Mr.Soulmate. 


My scars were being healed and the burns were replaced by new skin. I again felt beautiful after the horrendous three years of an excruciating relationship with someone I thought I loved. I was with an animal who treated me like another animal. Maybe even animals have better life I pondered sometimes. Given to the hopeless romantic I am, I thought one day a miracle would happen and my undying love for him will make him a human. Miracles always don’t happen for mysterious reasons of their own. Giving all my love to him, I was left a damaged body, an irreconcilable callus kink about men yet a faint hope lingered  that one day, like in fairy tales, my prince charming will gallop by on a white mare, ask me for a ball and I would be the most beautiful princess.

 Laughing over the thought and again drowning myself into depression, I started appalling my own body. Everything that once I loved, disgusted me now and it straight away started from my face to my bosoms to my thoughts.

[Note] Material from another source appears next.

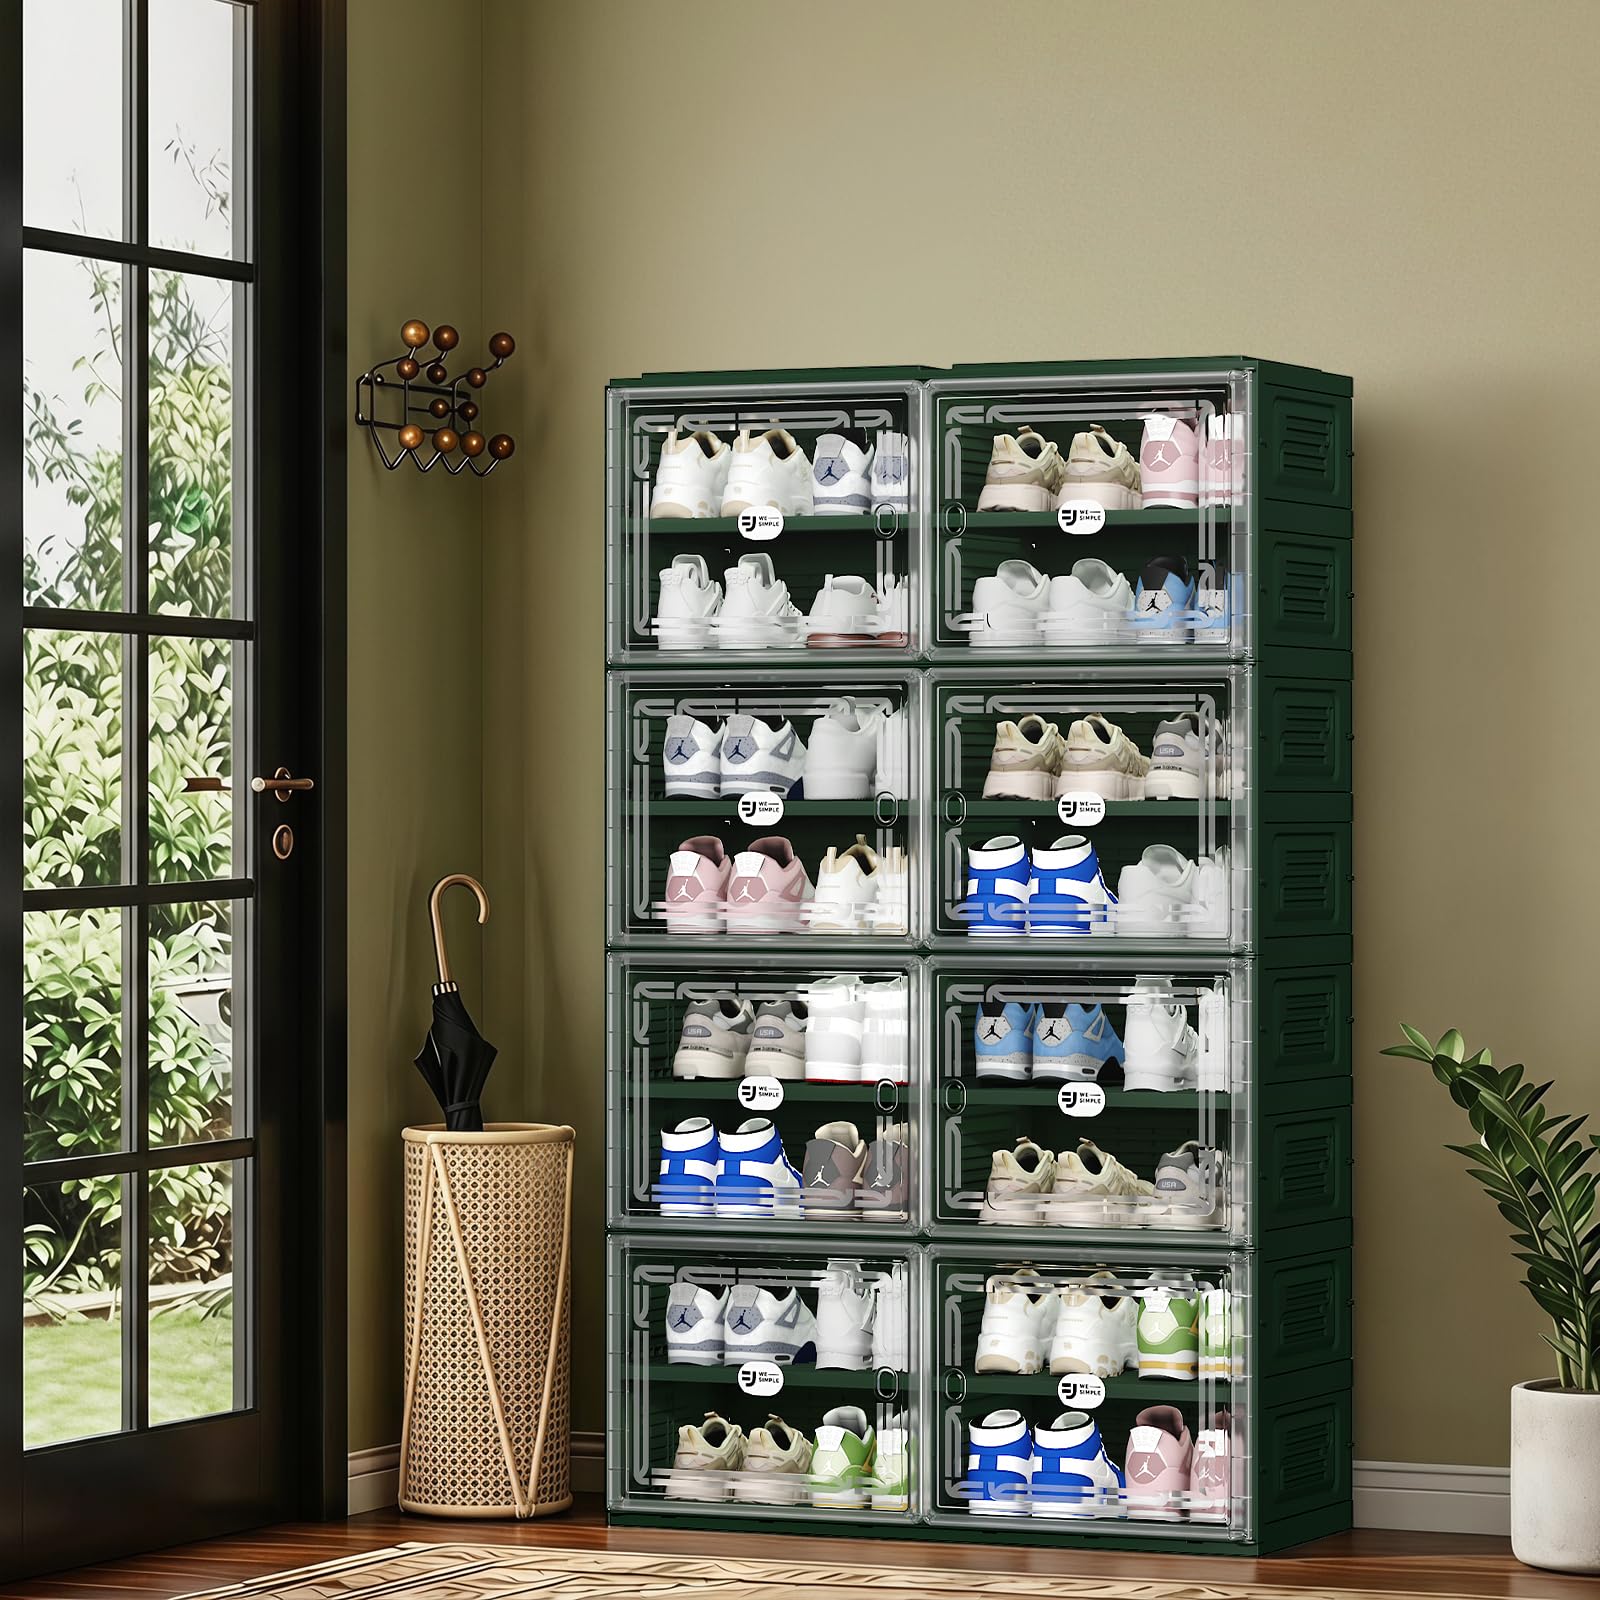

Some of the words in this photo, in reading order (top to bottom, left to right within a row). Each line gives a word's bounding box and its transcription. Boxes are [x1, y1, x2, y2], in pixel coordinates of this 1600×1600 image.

I despised myself. I gaoled myself from every happiness till I realised that I ain’t worth of all the pain. I was repairing my body, beautifying myself and doing what I love. Write. Little did I know that this love would pioneer my soulmate. Little did I know that my price charming would be an elderly jobless writer. No, he didn’t come on a mare, he was scribbled in my destiny.

It didn’t start like a normal conversation. No hii or hellos neither how are you or what are you doing. He was new to WordPress.

“I need some tips.” He texted. I wondered why would a genius need tips from me. Yes, he is called a genius at my home. The reason? He fared better than my elder sister in boards and also because he is one. My heart skipped a beat as the message flashed and even today on seeing him, I skip another. 

Soulmates only existed in fairy tales till a beat fluttered and whispered, “He is the one.” He turned my life into a fairy tale. Redefining love to me, he made me a better person and now I glimpse eternity with him. 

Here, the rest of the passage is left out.